Sulle pagine dei giornali di Balsamo è passato il fior fiore della scrittura italiana: Luciano Bianciardi (la sua rubrica di libri si chiamava “I consigli di un libridinoso”), Maria Jatosti (compagna di Bianciardi), Gian Carlo Fusco, Gianni Brera, Francesco Cardella, Franco Valobra, Pietro Cimatti, Milena Milani, Lucia Alberti, Guglielmo Solci, Sergio Modugno, Marcello Mancini, Giò Stajano, Attilio Battistini, Aldo Nobile, Leoncarlo Settimelli, Walter Peroni, Paolo Brogi, Silverio Corvisieri, Ugo Moretti, Giorgio Saviane, Luigi Gianoli, Massimo Balletti, Mauro De Mauro, Annamaria Rodari, Giorgio Colorni, Isotta Gaeta, Pier Francesco Pingitore, Stefano Surace, oltre a una fitta schiera di grandi fotografi, una per tutti Letizia Battaglia.
La parte più retriva della magistratura fece di tutto per frenare il fenomeno ma i vari p.m. riuscirono solo a coprirsi di ridicolo, a partire da Oscar Lanzi che nel 1966, nel corso del famoso processo contro il giornalino scolastico La zanzara, parlava di una “donna che non ha più pudore, e senza pudore la donna non è più donna… l’abbiamo sempre concepita come un angelo, pensarla in modo diverso è immorale”, per arrivare a Guido Viola che nel 1974 mandava a processo stampatori, direttori, distributori e finanche giornalai.

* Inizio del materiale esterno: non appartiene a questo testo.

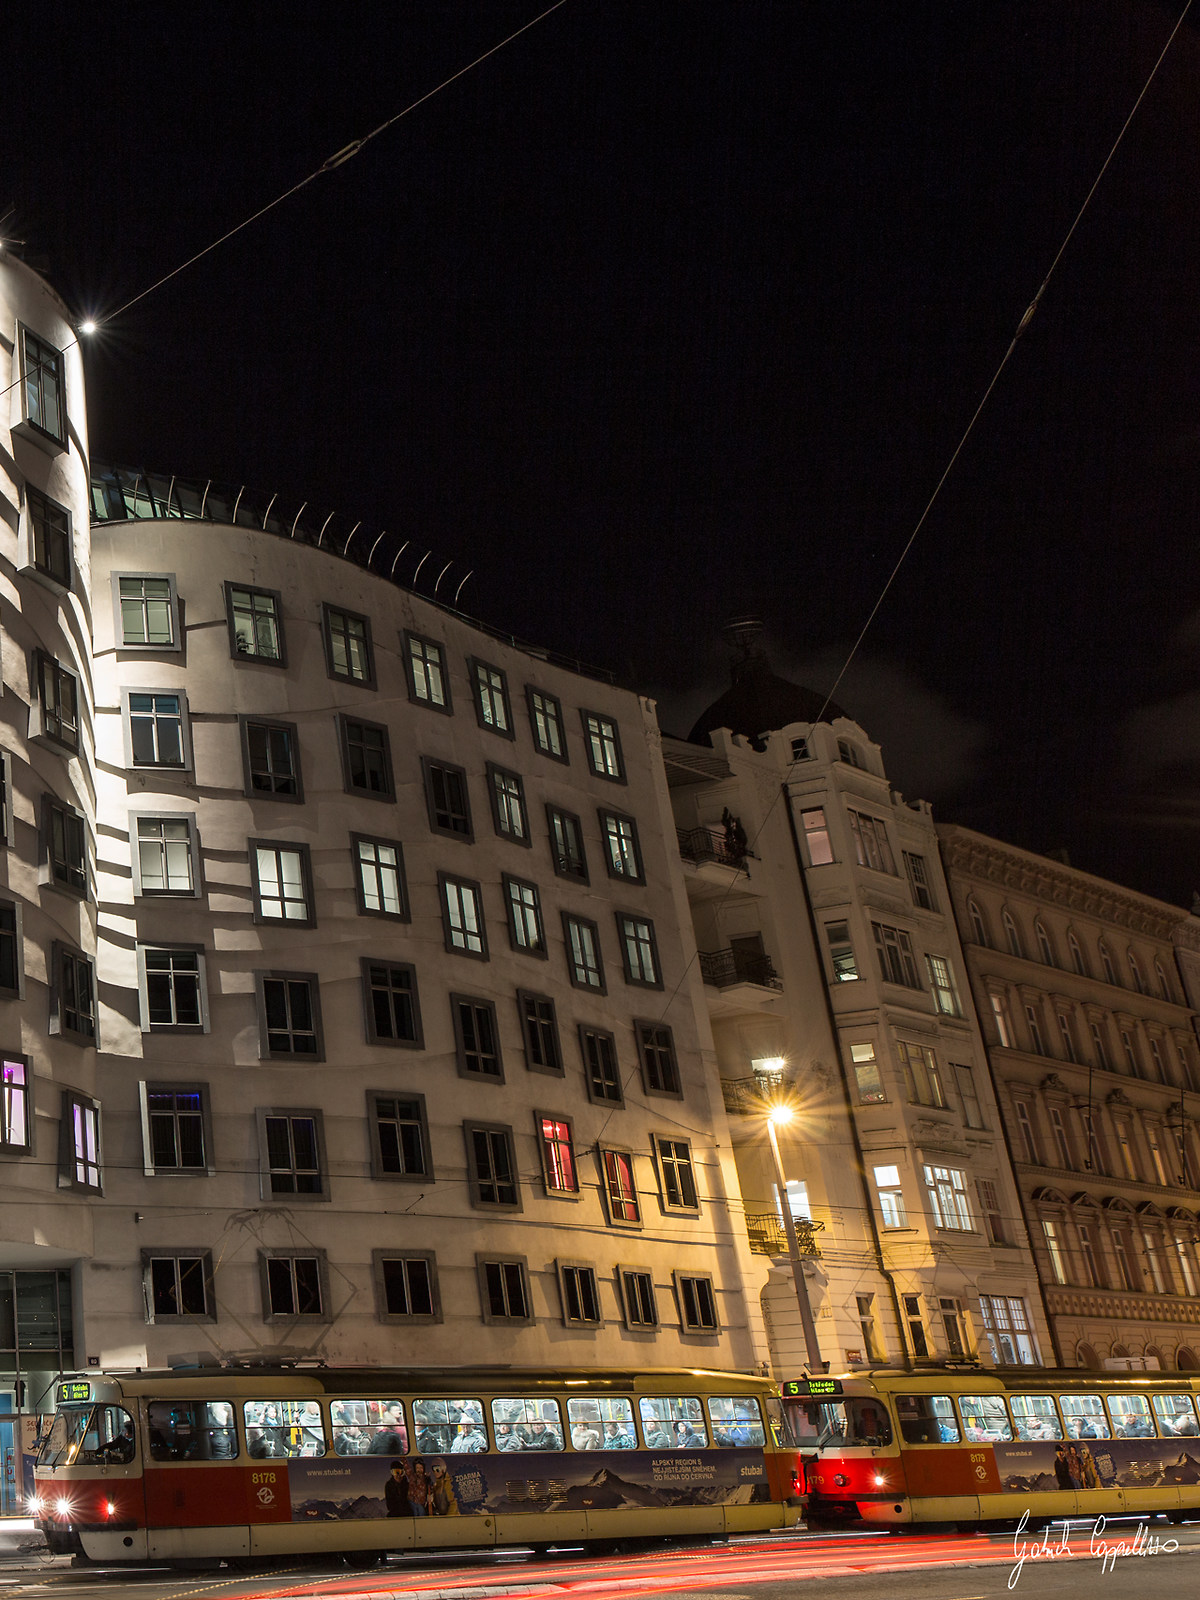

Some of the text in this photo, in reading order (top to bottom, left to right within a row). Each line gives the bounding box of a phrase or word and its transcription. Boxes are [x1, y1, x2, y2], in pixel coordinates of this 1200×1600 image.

[62, 1384, 69, 1400] 5
[789, 1382, 799, 1394] 5
[970, 1453, 986, 1463] 8179
[307, 1468, 352, 1477] www.stubai.at
[740, 1464, 763, 1476] stubai
[252, 1472, 276, 1484] 8178
[454, 1471, 481, 1483] ZDARMA

Nel luglio del 1975 sarebbe arrivata finalmente una legge che avrebbe esonerato da ogni responsabilità i distributori e gli edicolanti, ma la persecuzione sarebbe ripresa successivamente con l’arrivo sul mercato delle videocassette hard, io stesso mi sono ritrovato sotto processo nel 1986 a Catania, in qualità di titolare della società di distribuzione “Sicilstampa”, con l’accusa, che peraltro non consideravo affatto ignominiosa, di “diffusione di materiale pornografico”, salvo ritrovarmi assolto con formula ampia dopo un paio d’anni “perché il fatto non sussiste” su richiesta dello stesso pubblico ministero!

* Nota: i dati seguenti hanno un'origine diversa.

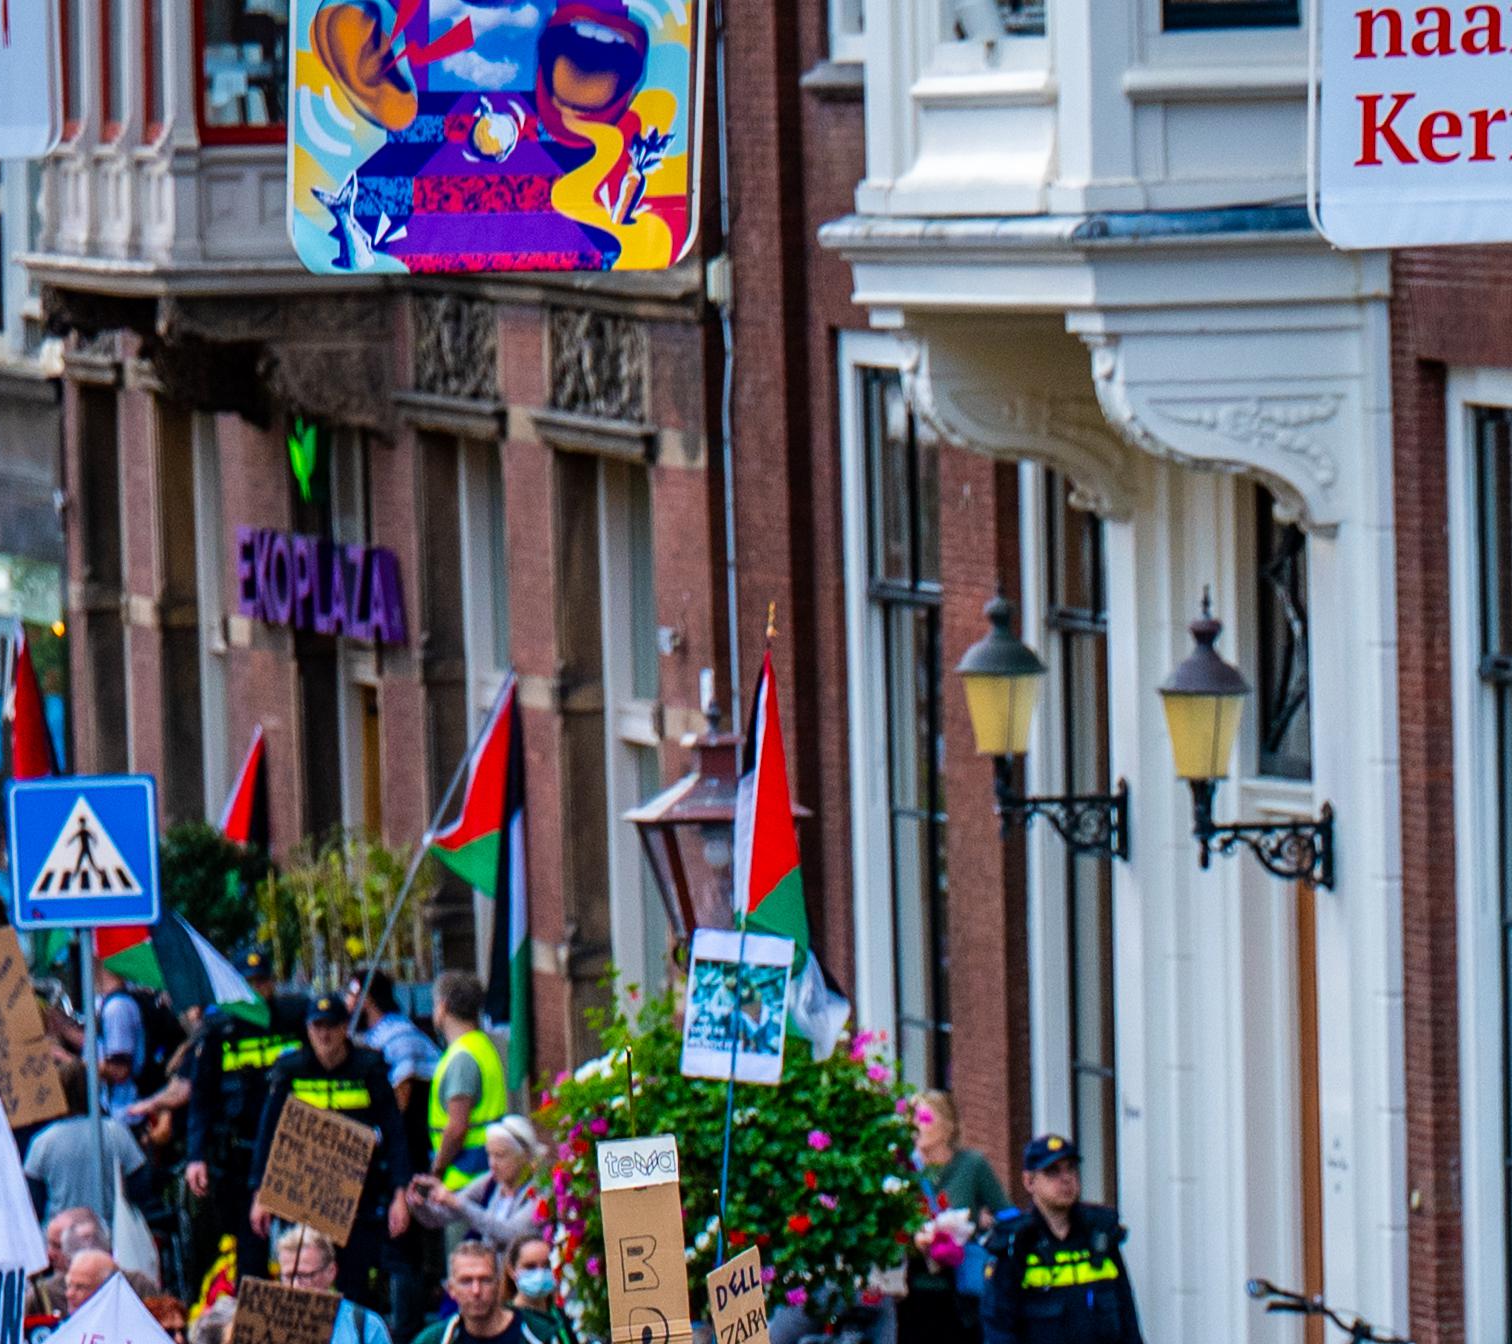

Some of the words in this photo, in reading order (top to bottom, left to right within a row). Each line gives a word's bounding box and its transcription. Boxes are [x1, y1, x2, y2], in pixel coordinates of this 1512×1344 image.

[237, 525, 403, 643] EKOPLAZA
[604, 1149, 676, 1178] teva
[716, 1265, 760, 1312] DELL

Agli albori degli anni ’90 si giunge all’assoluzione giudiziaria della pornografia, che viene finalmente legittimata perché, a determinate condizioni, “non costituisce reato”: il comune senso del pudore non esiste più come questione che interessa la competenza pubblica, perché attiene alla sfera privata degli individui. Chiosa però sapientemente Passavini: “Paradossalmente è proprio il suo sdoganamento a creare i più grossi problemi alla pornografia, che ha prosperato grazia all’aura di proibito, di trasgressione e di peccato che l’ha sempre circondata”. L’impero di Balsamo crollò miseramente, incartato nel groviglio dell’ingegneria finanziaria che aveva funzionato da volano per ottimizzare i profitti quando le cose andavano bene mentre ora mostrava tutti i suoi lati deboli; anche la stanchezza dei suoi settantacinque anni vissuti spericolatamente aveva giocato la sua parte e Saro se ne andò improvvisamente la notte del 7 febbraio del 2005 nella casa in affitto dove si era ritirato dopo aver venduto tutte le sue dorate magioni.

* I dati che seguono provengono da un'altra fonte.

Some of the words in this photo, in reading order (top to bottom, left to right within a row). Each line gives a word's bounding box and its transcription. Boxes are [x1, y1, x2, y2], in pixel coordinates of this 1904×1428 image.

Con l’avvento delle televisioni berlusconiane e dello sviluppo di internet, l’erotismo e la pornografia sono diventate un bene di primo consumo, basti pensare che il 30% del traffico web mondiale transita sui siti porno; Saro certamente oggi non si sarebbe perso d’animo e qualcosa si sarebbe inventato… chissà… un ologramma interattivo nelle forme di assistente sexy, in Giappone ci sono arrivati lo scorso dicembre, Saro, probabilmente, l’avrebbe immessa sul mercato all’alba del 2000.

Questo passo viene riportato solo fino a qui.